▶ YOUR OBJECTIVE
Reproduce the records below in full and word for word, excluding pictures.

--- WORKING DATA ---

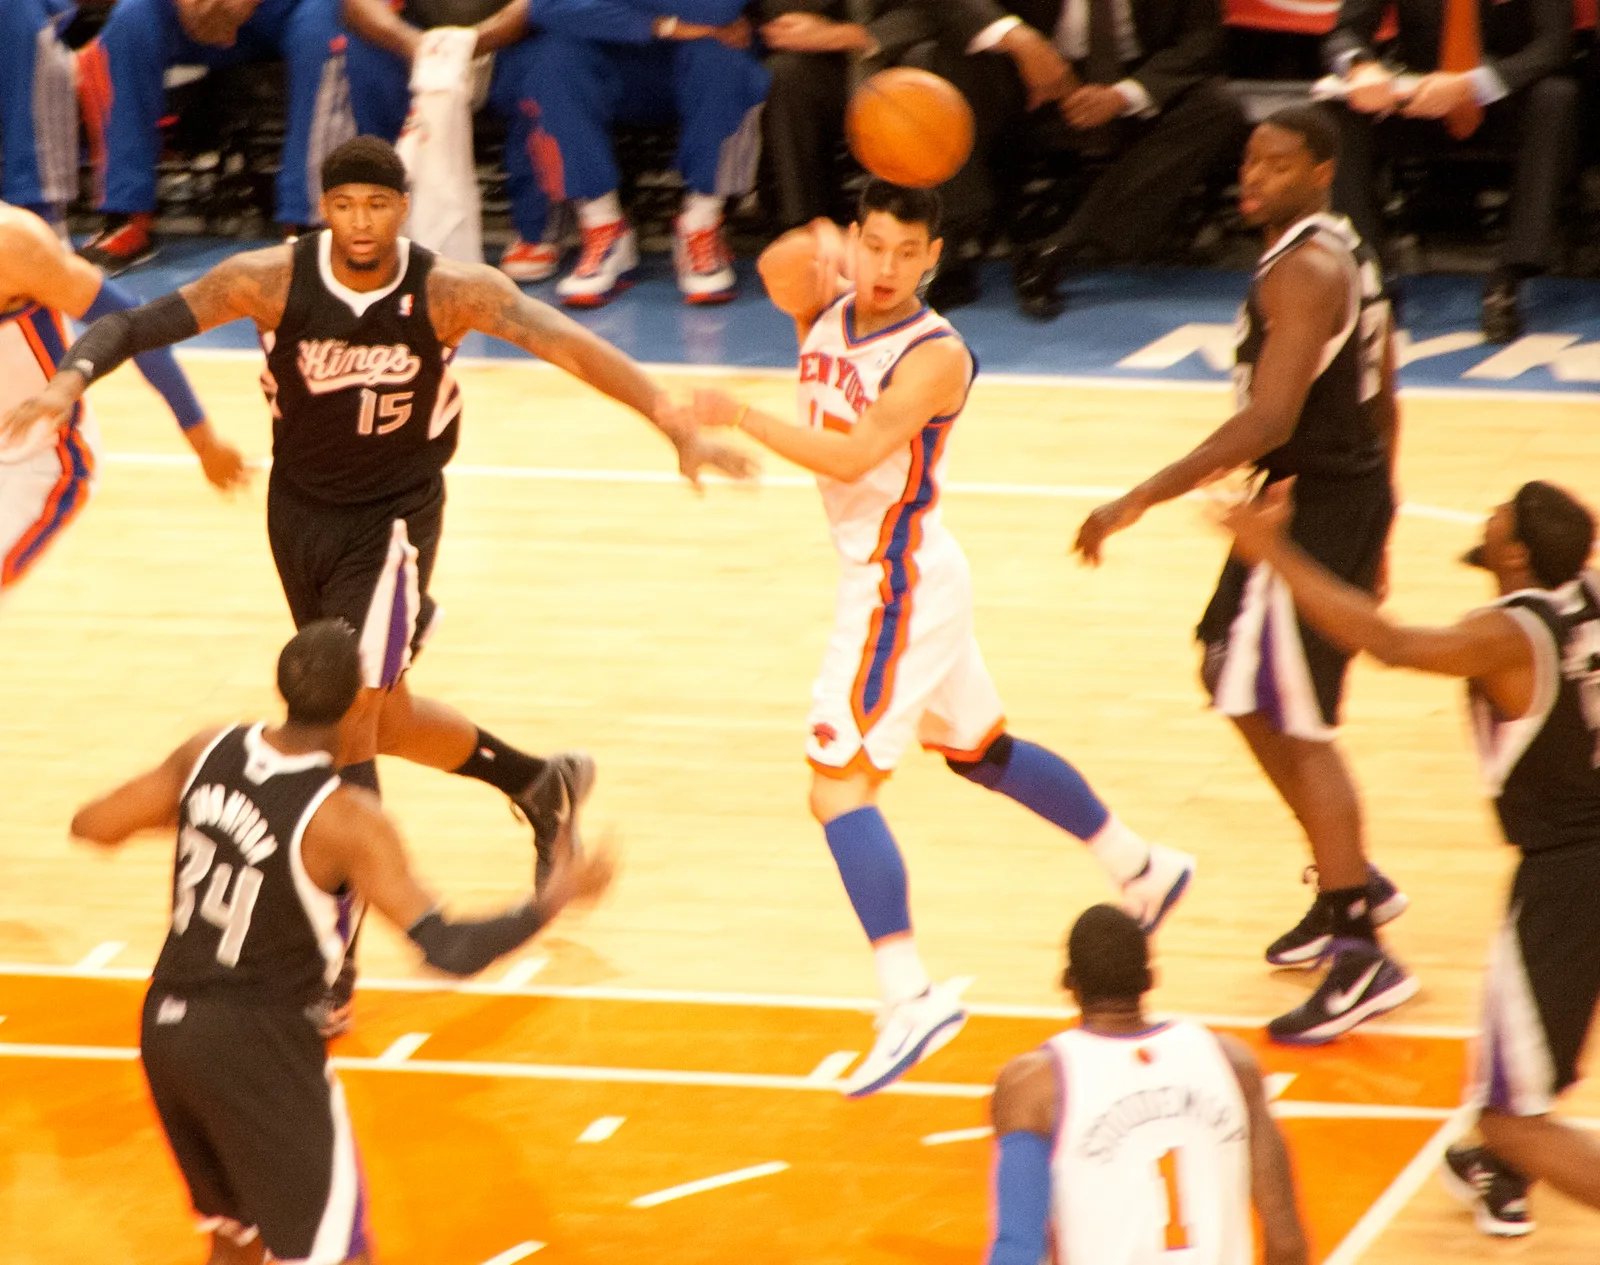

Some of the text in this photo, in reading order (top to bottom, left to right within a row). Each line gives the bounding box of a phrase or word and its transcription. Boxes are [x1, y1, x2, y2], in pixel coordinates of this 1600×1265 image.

[297, 339, 420, 394] Kings
[358, 387, 415, 436] 15
[171, 824, 265, 968] 34
[1153, 1144, 1193, 1252] 1

---

▶ OUTPUT FOR THIS EXERCISE
Some of the text in this photo, in reading order (top to bottom, left to right within a row). Each line gives the bounding box of a phrase or word and its transcription. Boxes are [x1, y1, x2, y2], in pixel coordinates of this 1600×1265 image.

[297, 339, 420, 394] Kings
[358, 387, 415, 436] 15
[171, 824, 265, 968] 34
[1153, 1144, 1193, 1252] 1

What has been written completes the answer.